* [Exercise directions]:
The entries below should be quoted exactly, with no pictures carried over.

Given records START

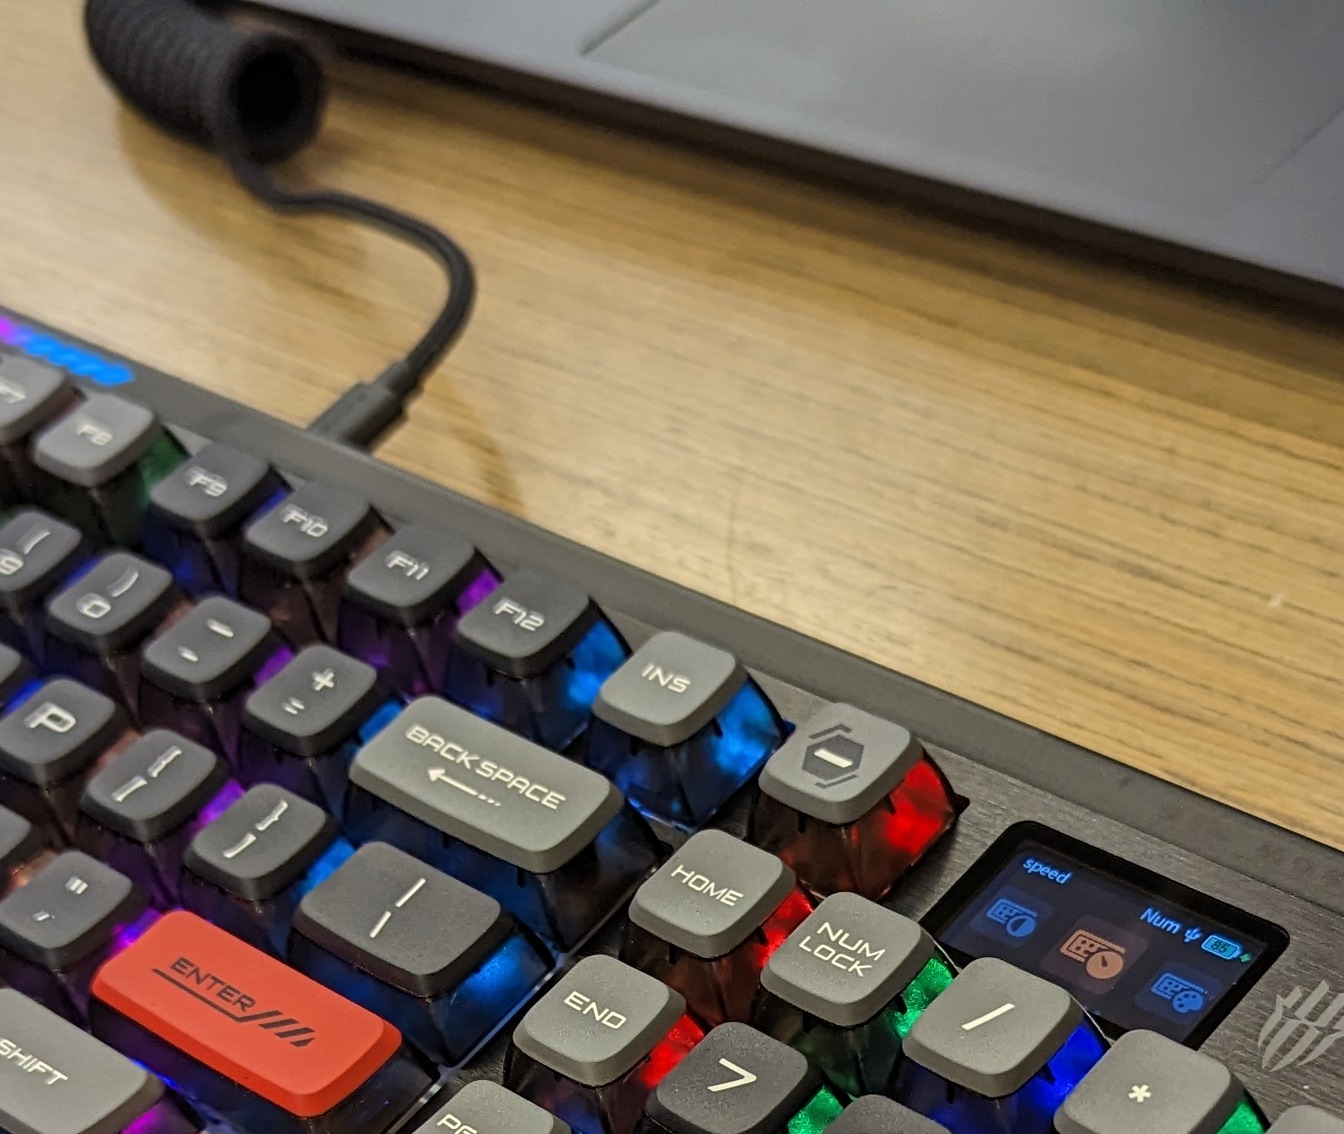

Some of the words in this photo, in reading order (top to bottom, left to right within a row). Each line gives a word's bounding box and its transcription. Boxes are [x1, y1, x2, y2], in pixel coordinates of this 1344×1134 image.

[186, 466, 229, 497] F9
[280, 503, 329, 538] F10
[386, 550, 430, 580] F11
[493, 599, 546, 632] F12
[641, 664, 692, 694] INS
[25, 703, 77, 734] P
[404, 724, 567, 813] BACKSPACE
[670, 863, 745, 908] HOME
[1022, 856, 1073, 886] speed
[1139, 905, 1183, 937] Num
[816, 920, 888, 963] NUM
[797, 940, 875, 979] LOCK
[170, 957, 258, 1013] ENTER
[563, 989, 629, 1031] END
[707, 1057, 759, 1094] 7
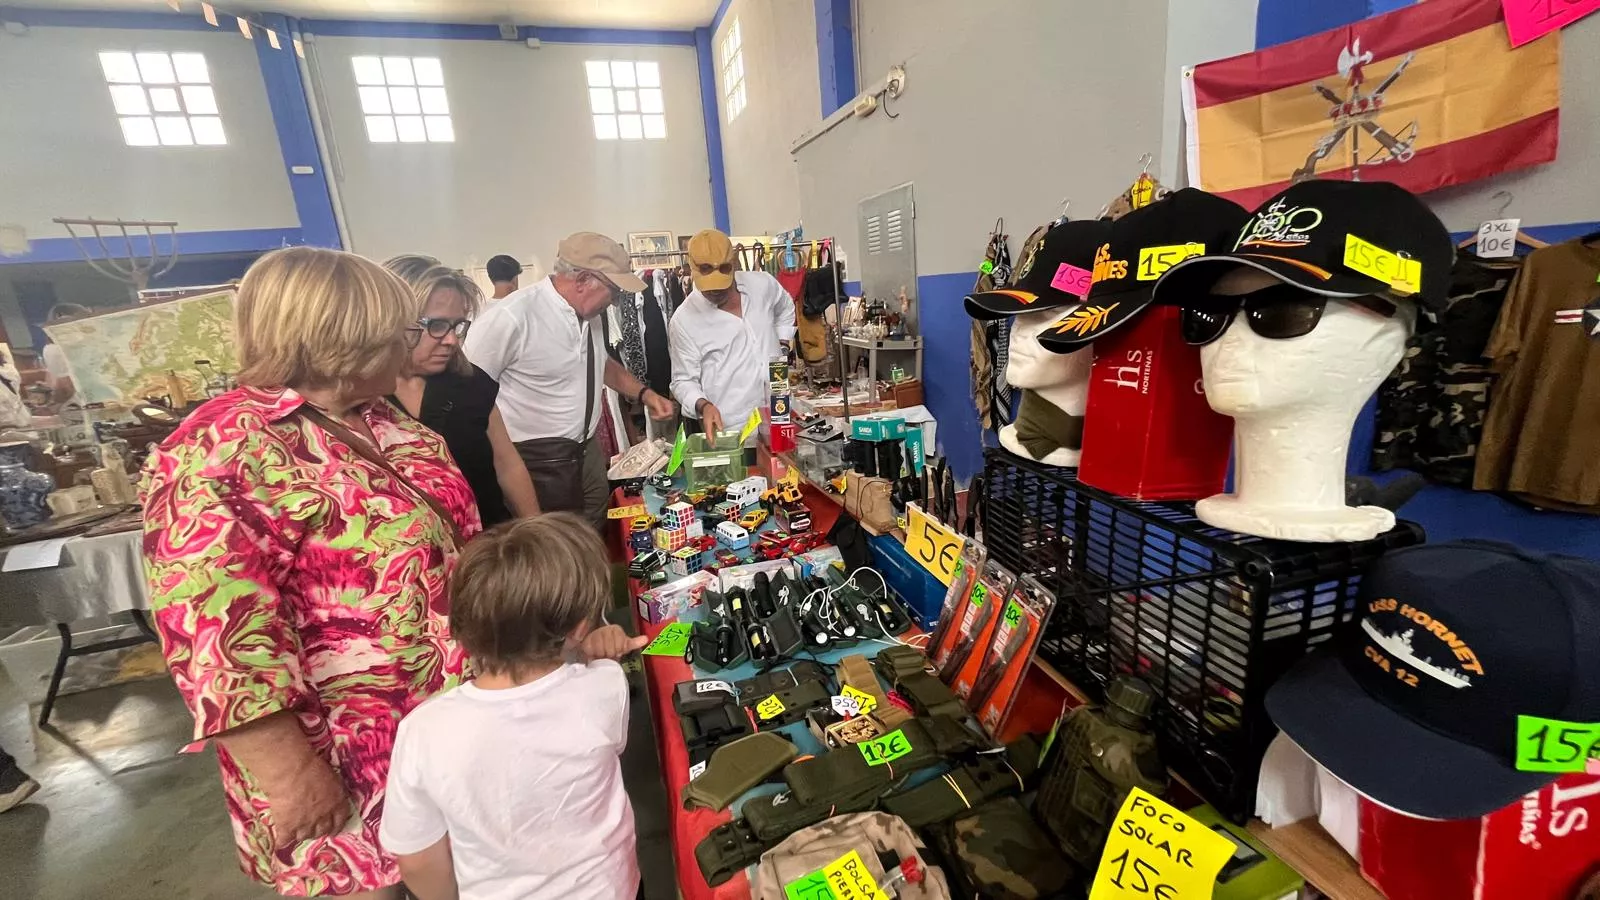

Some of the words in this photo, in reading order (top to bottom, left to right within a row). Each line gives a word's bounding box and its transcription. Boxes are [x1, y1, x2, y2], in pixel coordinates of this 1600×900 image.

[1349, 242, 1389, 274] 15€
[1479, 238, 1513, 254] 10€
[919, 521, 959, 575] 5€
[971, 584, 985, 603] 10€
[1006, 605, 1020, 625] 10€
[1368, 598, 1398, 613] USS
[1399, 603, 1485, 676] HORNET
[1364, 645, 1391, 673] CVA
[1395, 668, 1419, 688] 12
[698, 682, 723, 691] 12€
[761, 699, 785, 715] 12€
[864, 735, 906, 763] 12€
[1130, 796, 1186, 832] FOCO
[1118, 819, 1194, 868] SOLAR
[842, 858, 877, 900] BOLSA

Given records END

* [Task output]:
Some of the words in this photo, in reading order (top to bottom, left to right within a row). Each line gives a word's bounding box and its transcription. Boxes are [x1, y1, x2, y2], in pixel coordinates of this 1344×1134 image.

[186, 466, 229, 497] F9
[280, 503, 329, 538] F10
[386, 550, 430, 580] F11
[493, 599, 546, 632] F12
[641, 664, 692, 694] INS
[25, 703, 77, 734] P
[404, 724, 567, 813] BACKSPACE
[670, 863, 745, 908] HOME
[1022, 856, 1073, 886] speed
[1139, 905, 1183, 937] Num
[816, 920, 888, 963] NUM
[797, 940, 875, 979] LOCK
[170, 957, 258, 1013] ENTER
[563, 989, 629, 1031] END
[707, 1057, 759, 1094] 7

Some of the words in this photo, in reading order (top to bottom, left to right within a row). Each line gives a word's bounding box and its transcription. Boxes are [x1, y1, x2, y2], in pixel coordinates of this 1600×900 image.

[1349, 242, 1389, 274] 15€
[1479, 238, 1513, 254] 10€
[919, 521, 959, 575] 5€
[971, 584, 985, 603] 10€
[1006, 605, 1020, 625] 10€
[1368, 598, 1398, 613] USS
[1399, 603, 1485, 676] HORNET
[1364, 645, 1391, 673] CVA
[1395, 668, 1419, 688] 12
[698, 682, 723, 691] 12€
[761, 699, 785, 715] 12€
[864, 735, 906, 763] 12€
[1130, 796, 1186, 832] FOCO
[1118, 819, 1194, 868] SOLAR
[842, 858, 877, 900] BOLSA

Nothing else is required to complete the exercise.